The medical evidence in 1998
 In a report dated 25 March 1998 prepared for the defence Dr Bownes refers to the hospital order that was made in September 1993. At that time the appellant’s full scale intelligence quotient was found to be 66 placing him within the category of Mild Mental Retardation (IQ 50-69) according to the World Health Organisation 1992 classification of Behavioural and Mental Disorders. Dr Bownes went on to describe how in May 1996 the Mental Health Review Tribunal ordered that the appellant be discharged from detention. Dr Bownes said that on his examination of the appellant he did not detect any acute disturbances of thought process or perception. He concluded that the appellant’s mild mental retardation combined with his personality and behavioural problems were such that in his view it was not appropriate for him to be managed in a prison setting. In his opinion the appellant fulfilled the criteria for severe mental impairment.
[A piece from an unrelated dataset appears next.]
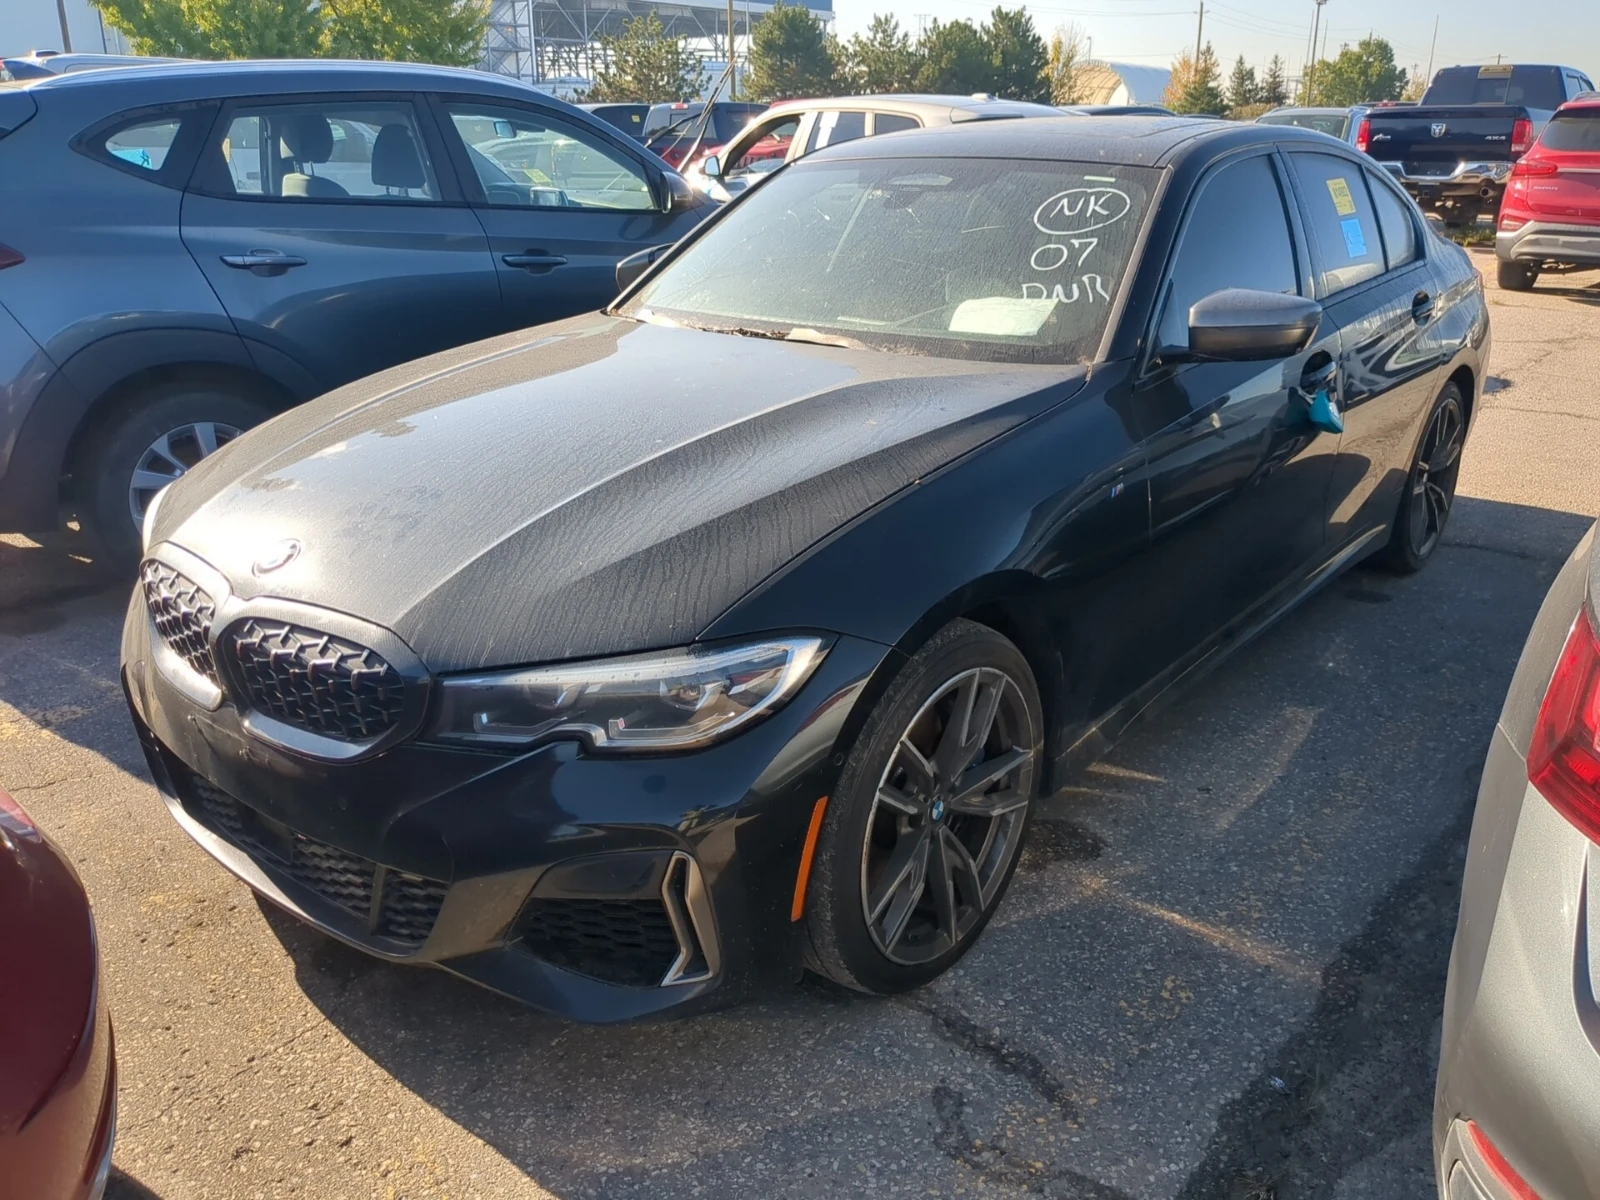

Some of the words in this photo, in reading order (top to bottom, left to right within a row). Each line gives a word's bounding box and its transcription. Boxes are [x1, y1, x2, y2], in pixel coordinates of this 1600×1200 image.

[1049, 192, 1113, 218] NK
[1030, 237, 1098, 271] 07
[1021, 273, 1111, 303] DNR
 Dr Oliver Shanks, in his report of 9 October 1998, also noted that on 1 September 1993 the appellant’s IQ was measured at 66 and on 10 February 1997 at 67. He regarded this as showing a significant impairment of intelligence. When he examined the appellant on 7 October 1998 he appeared to be agitated and depressed and expressed no particular concern for the victims of the alleged offences. Dr Shanks accepted that the appellant was not suffering from a mental illness but found that his intelligence and social functioning were severely impaired and his behaviour was abnormally aggressive. In his opinion he was suffering from severe mental impairment and he agreed with the conclusion reached by Dr Bownes in his report of 25 March 1998.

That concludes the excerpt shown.